Add SSL/TLS certificate expiry monitoring to LogTide's HTTP/HTTPS monitoring section. When configuring an HTTP/HTTPS check, the user should be able to enable certificate monitoring via a simple checkbox (opt-in per check). Once enabled, the check inspects the endpoint's TLS certificate and raises alerts as the expiry date approaches, at one or more configurable day thresholds. Any number of thresholds should be supported, with sensible defaults of 15, 7, and 3 days before expiry.

Problem/Use Case

Expired TLS certificates are one of the most common and most avoidable causes of outages: browsers hard-fail, APIs stop trusting the endpoint, and clients see security warnings that instantly erode trust. Since HTTP/HTTPS endpoints are already being monitored in LogTide, the certificate is right there on the connection — checking its expiry adds a high-value early-warning signal at almost no extra cost. Multiple escalating reminders (rather than a single alert) ensure the warning isn't missed and give teams a clear runway to renew before the certificate actually lapses. This is especially important when managing many endpoints or client sites, where a single expired cert can take a production service offline.

Proposed Solution

Extend the existing HTTP/HTTPS check with an optional certificate-monitoring feature:

  • Enable toggle: a checkbox on the HTTP/HTTPS check to turn on certificate expiry monitoring (off by default, opt-in per check).
  • Configurable thresholds: allow an arbitrary list of "days before expiry" values at which to alert. Defaults: 15, 7, 3. Max 3 values.
  • Data source: read the certificate directly from the TLS handshake performed during the existing HTTPS check — no extra request or external service needed.
  • Alerting: fire through LogTide's existing alert/notification channels, one alert per crossed threshold so escalation is visible.

Alternatives Considered

  • Manual tracking (spreadsheets, calendar reminders): error-prone, doesn't scale, and easy to forget.
  • Relying on the CA/registrar emails: inconsistent, often sent to a single contact, and impossible to centralize across many endpoints.
  • A separate standalone certificate check: works, but duplicates the connection LogTide already makes during the HTTP/HTTPS check — folding it into the existing check is simpler and cheaper.
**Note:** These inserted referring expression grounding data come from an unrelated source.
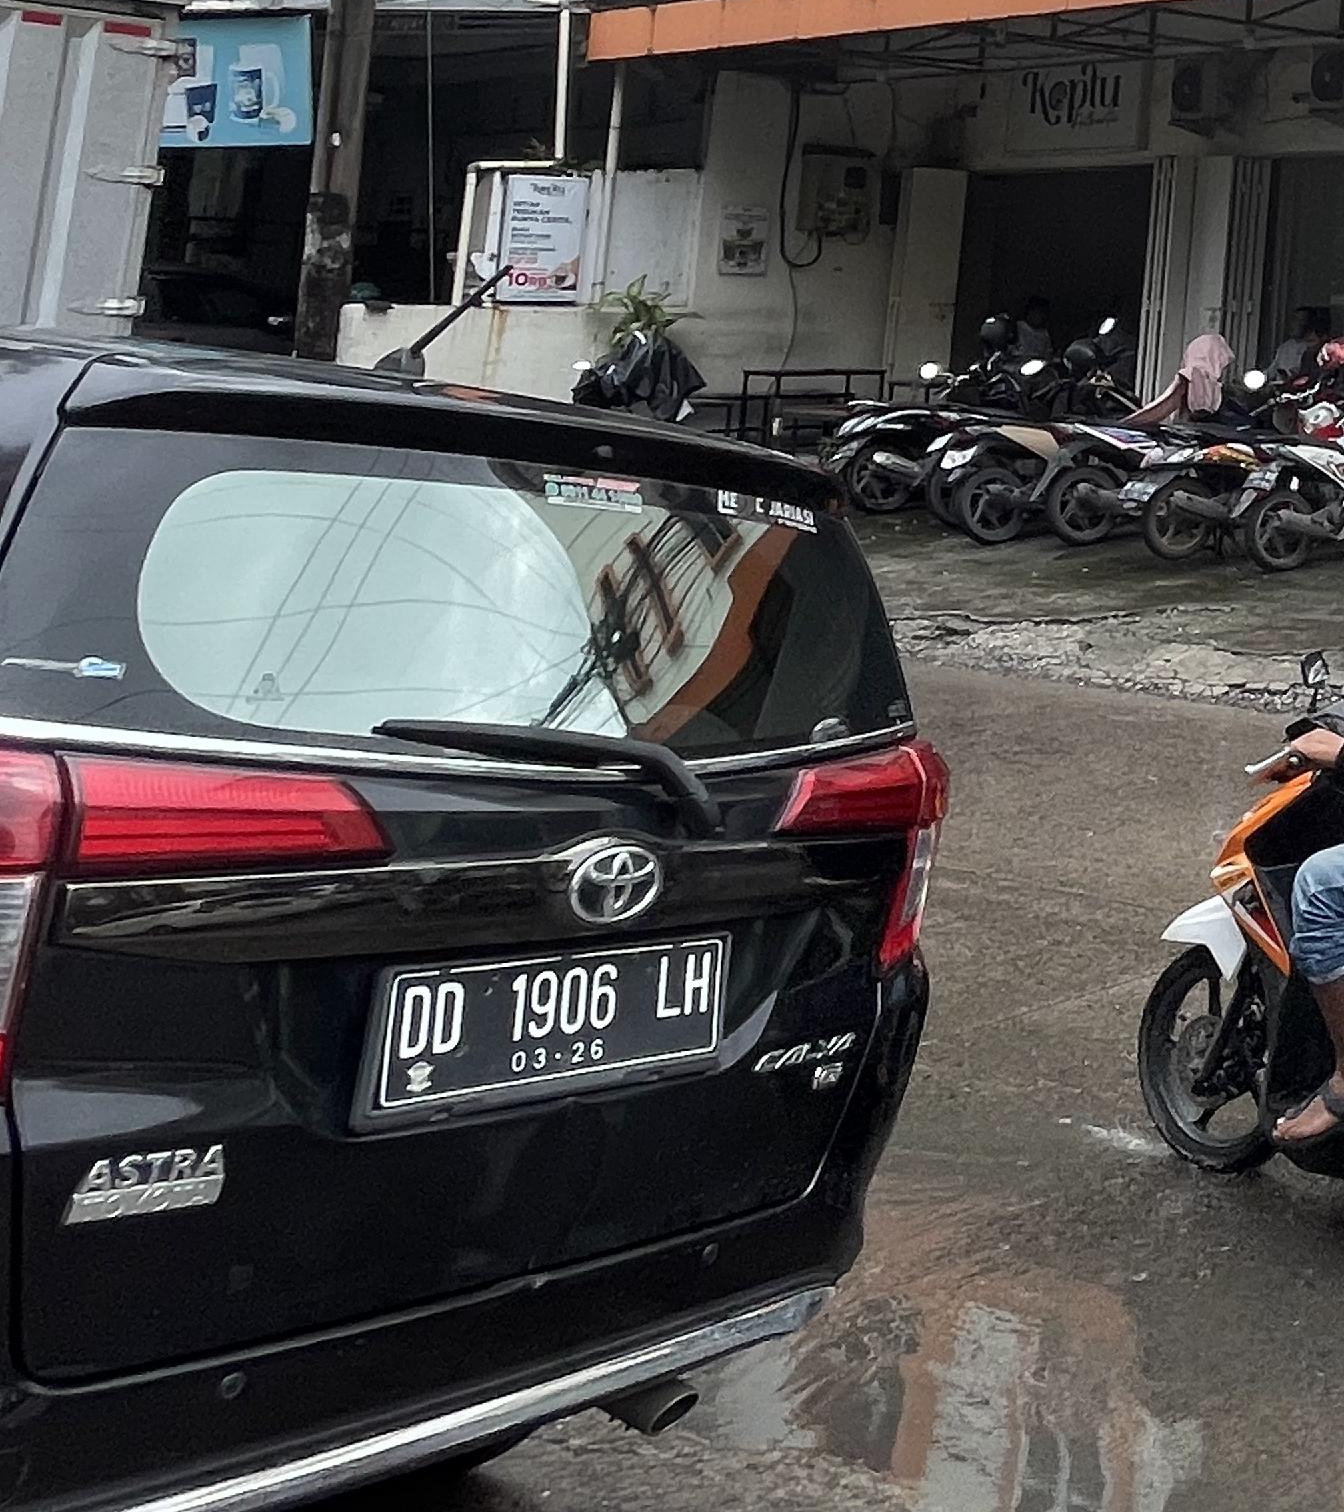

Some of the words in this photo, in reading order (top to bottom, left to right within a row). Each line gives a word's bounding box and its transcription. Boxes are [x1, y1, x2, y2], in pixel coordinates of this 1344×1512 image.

[398, 981, 465, 1060] DD
[511, 963, 618, 1042] 1906
[655, 951, 713, 1019] LH
[79, 1144, 224, 1194] ASTRA
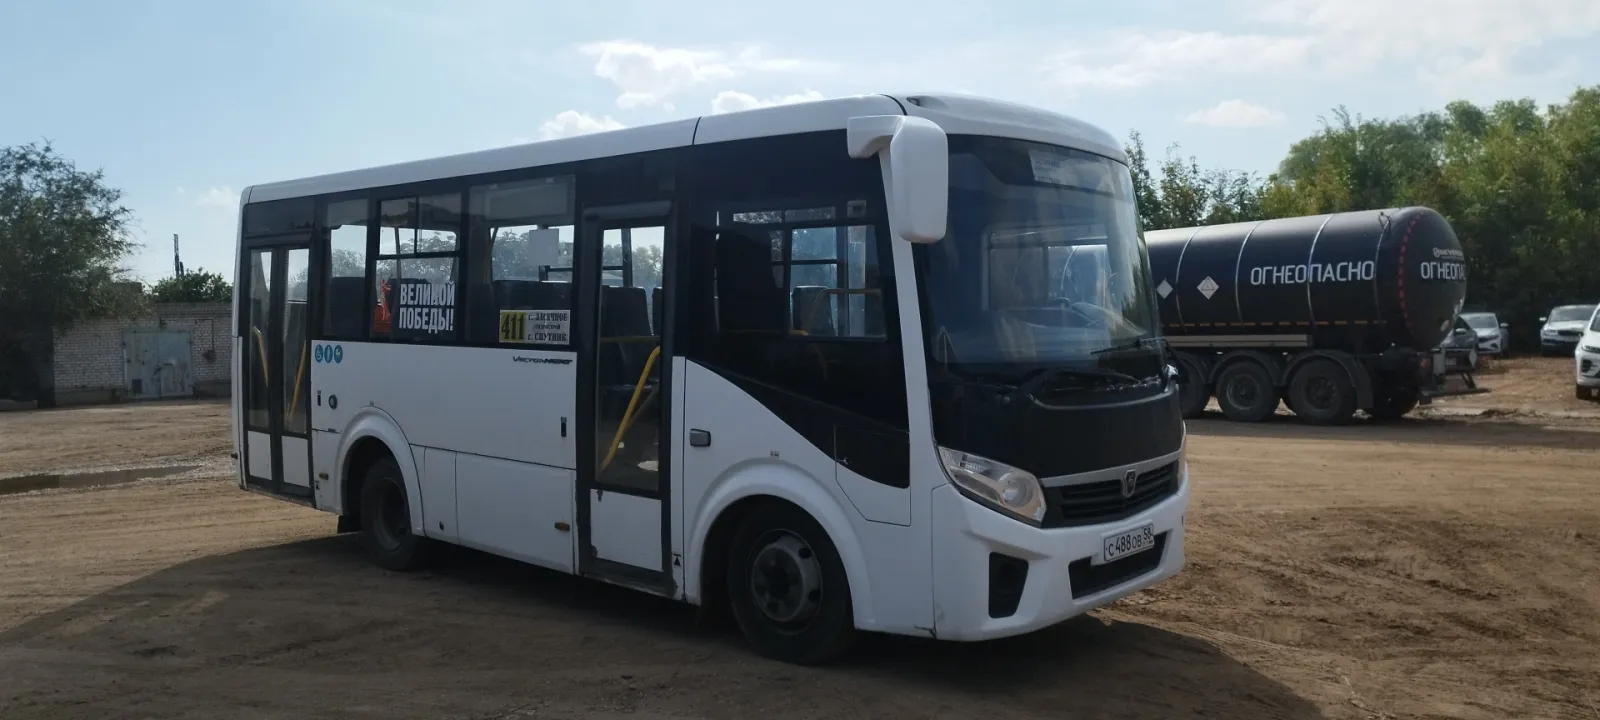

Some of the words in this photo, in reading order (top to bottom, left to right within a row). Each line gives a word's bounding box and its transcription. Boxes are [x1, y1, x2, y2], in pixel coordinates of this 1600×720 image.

[1250, 260, 1375, 285] ОГНЕОПАСНО
[400, 282, 455, 305] ВЕЛИКОЙ
[399, 307, 454, 333] ПОБЕДЫ!
[501, 313, 525, 340] 411
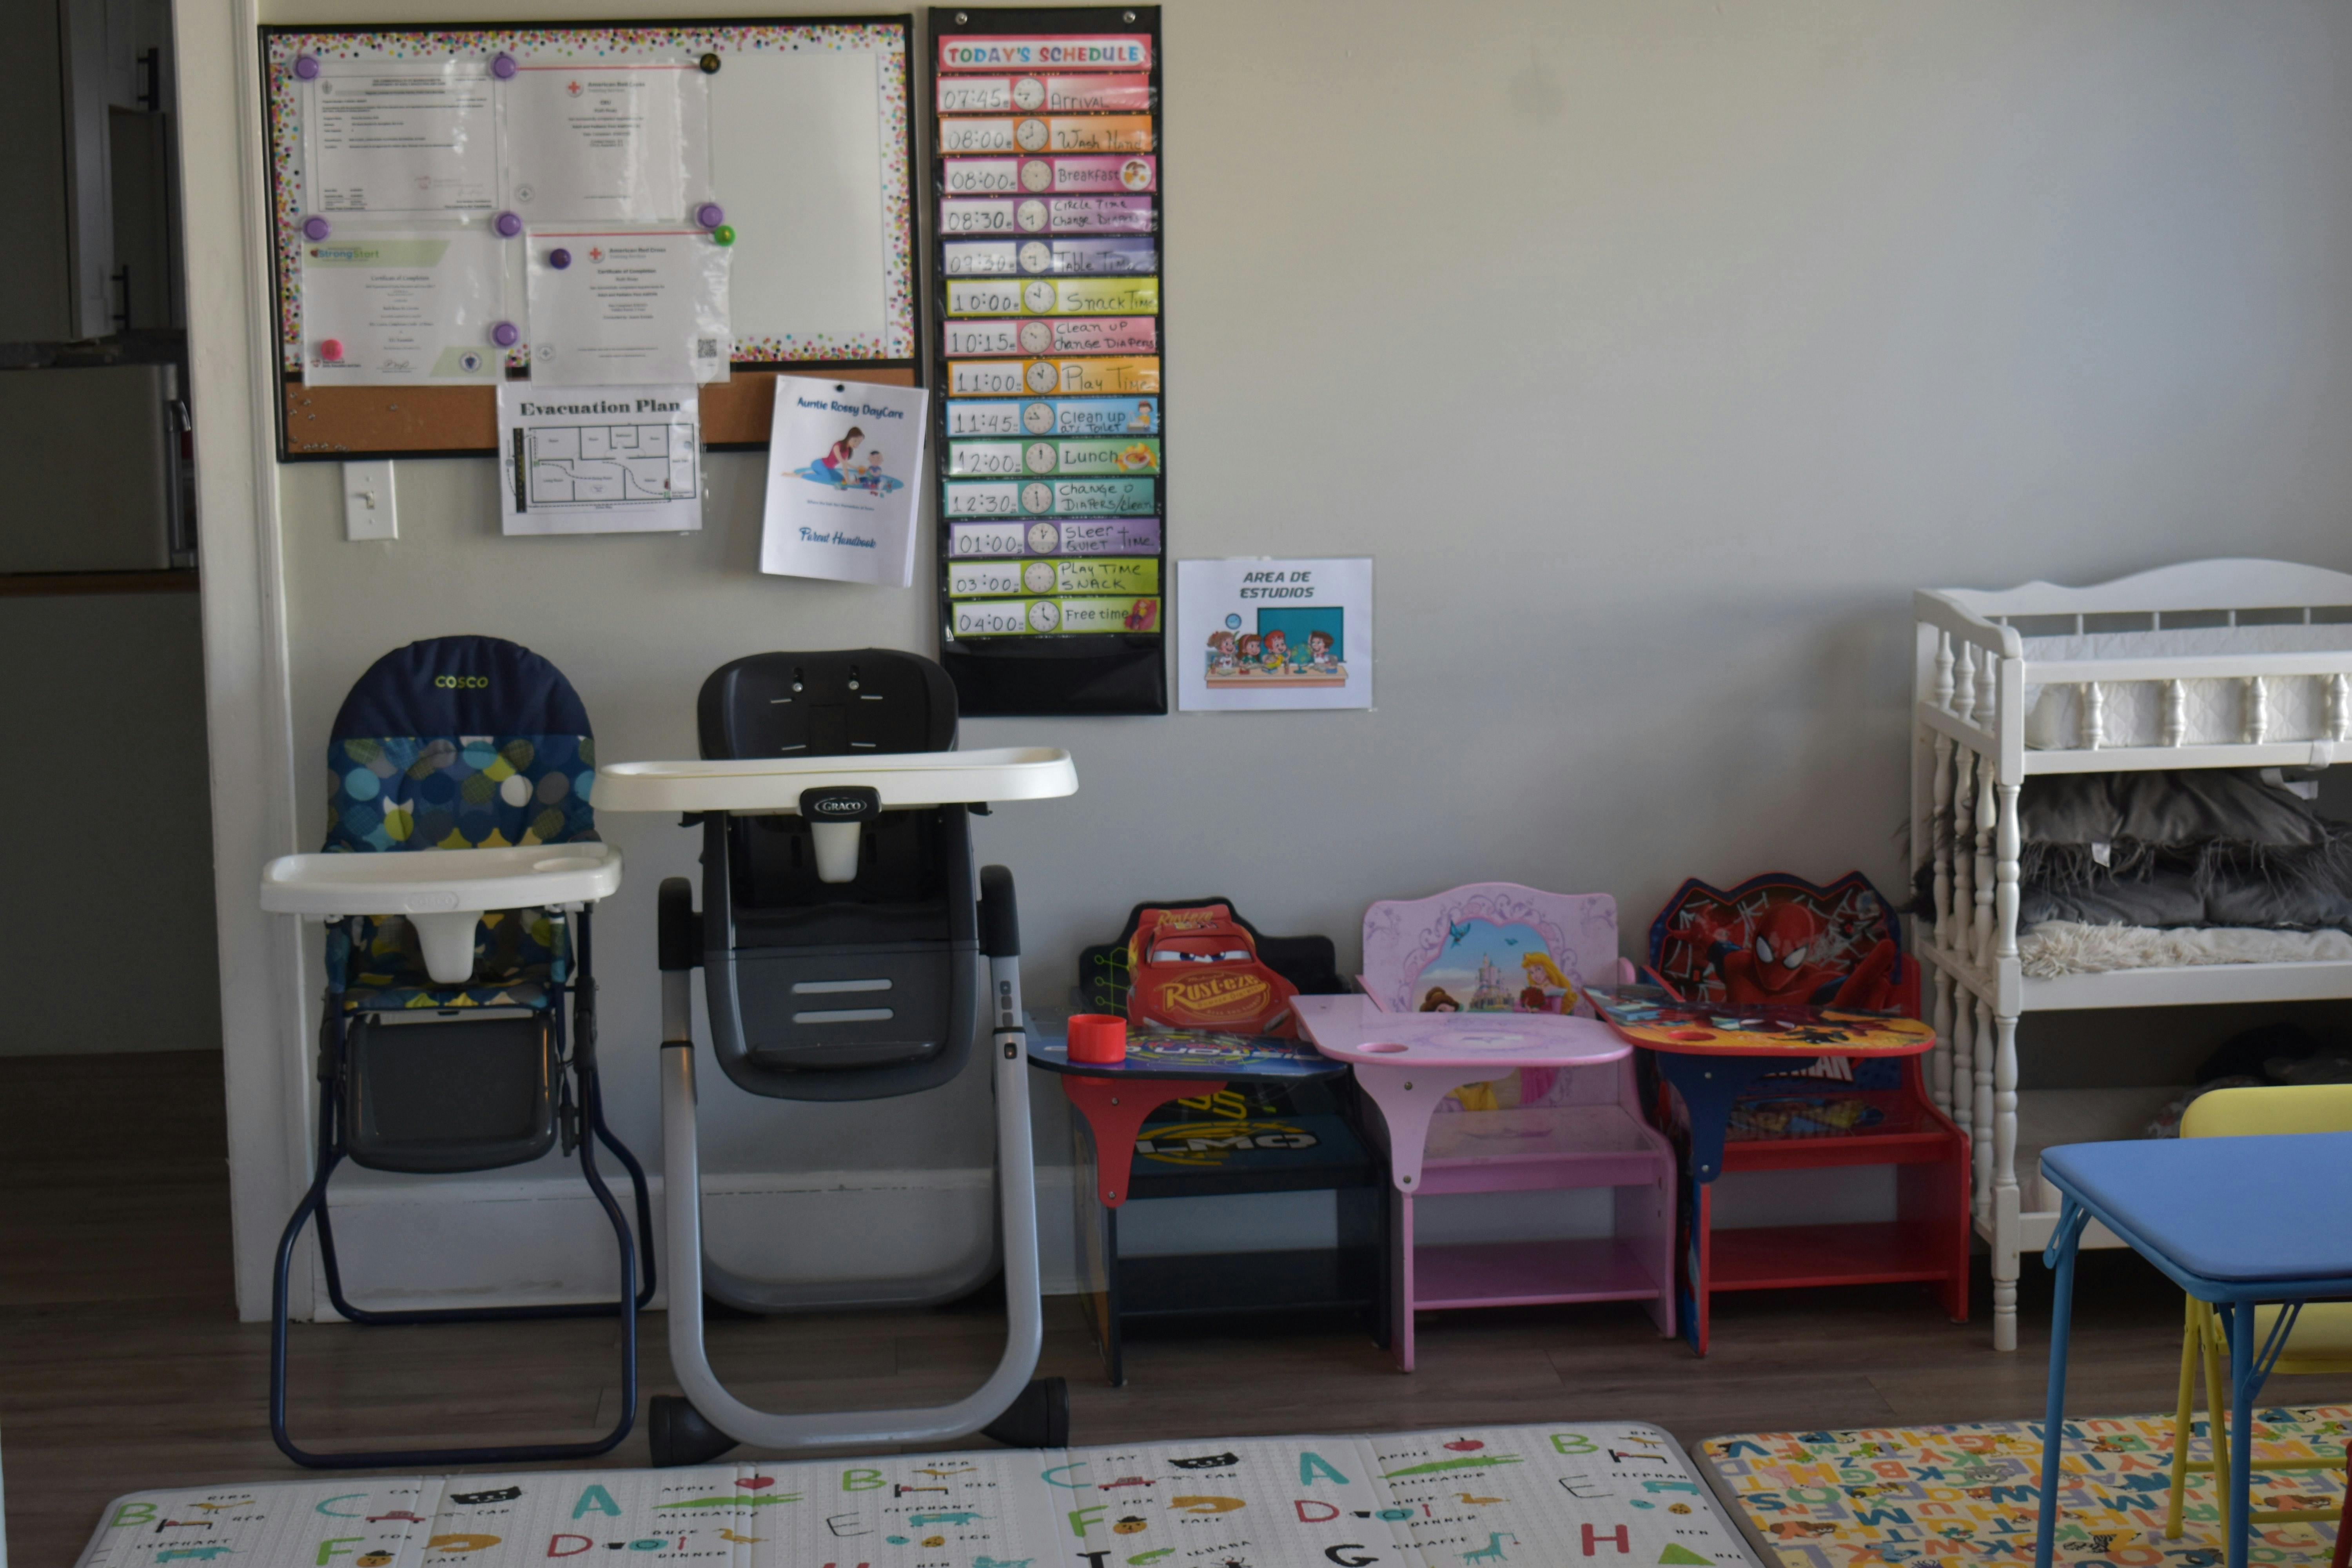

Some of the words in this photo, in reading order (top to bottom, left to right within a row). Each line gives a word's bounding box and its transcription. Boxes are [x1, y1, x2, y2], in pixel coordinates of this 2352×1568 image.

[948, 47, 1031, 63] TODAY'S
[1039, 45, 1139, 62] SCHEDULE
[944, 89, 1002, 109] 07:45
[949, 131, 1005, 150] 08:00
[952, 172, 1009, 190] 08:00
[1058, 168, 1121, 183] Breakfast
[949, 211, 1005, 231] 08:30
[954, 292, 1011, 311] 10:00
[1067, 293, 1125, 311] Snack
[1056, 322, 1102, 334] Clean
[953, 333, 1008, 353] 10:15
[957, 372, 1015, 392] 11:00
[1062, 365, 1103, 391] Play
[520, 402, 631, 416] Evacuation
[635, 399, 681, 413] Plan
[797, 397, 828, 410] Auntie
[831, 401, 860, 417] Rossy
[862, 405, 904, 419] DayCare
[954, 413, 1013, 433] 11:45
[1060, 411, 1103, 424] Clean
[1108, 411, 1126, 423] up
[959, 451, 1014, 473] 12:00
[1064, 450, 1118, 465] Lunch
[954, 494, 1011, 513] 12:30
[799, 527, 831, 543] Parent
[832, 531, 877, 549] Handbook
[960, 534, 1018, 554] 01:00
[956, 574, 1011, 592] 03:00
[1061, 579, 1126, 591] SNACK
[1243, 572, 1285, 583] AREA
[1289, 571, 1311, 583] DE
[1240, 587, 1315, 599] ESTUDIOS
[959, 613, 1018, 632] 04:00
[1065, 609, 1095, 620] Free
[1099, 608, 1129, 620] time
[434, 675, 489, 689] COSCO
[822, 801, 862, 811] GRACO
Implementation Details (Optional)

  • Add the feature under the existing HTTP/HTTPS monitoring section so it reuses the same UI, scheduling, and alerting flow.
  • Extract the certificate from the TLS handshake already performed by the HTTPS check; read the notAfter field and compute days_remaining in UTC.
  • Support an arbitrary, user-defined list of alert thresholds; default to [15, 7, 3]. Fire one alert per threshold as it is crossed, ideally de-duplicated so a given threshold only alerts once per certificate lifetime.
  • Consider validating the full chain (not just the leaf) and surfacing whether the certificate is already expired or not yet valid.
  • Handle endpoints with SNI / multiple certificates gracefully, and treat handshake/lookup failures as a distinct "unknown" state rather than an immediate critical.

Priority

  • Critical - Blocking my usage of LogTide
  • High - Would significantly improve my workflow
  • Medium - Nice to have
  • Low - Minor enhancement

Target Users

  • DevOps Engineers
  • Developers
  • Security/SIEM Users
  • System Administrators
  • All Users

Additional Context

Certificate expiry monitoring is a baseline expectation for any HTTP/HTTPS monitoring tool, and integrating it directly into the existing check keeps configuration minimal for the user. The multi-threshold default (15/7/3 days) mirrors common industry practice and gives teams a clear, escalating renewal runway.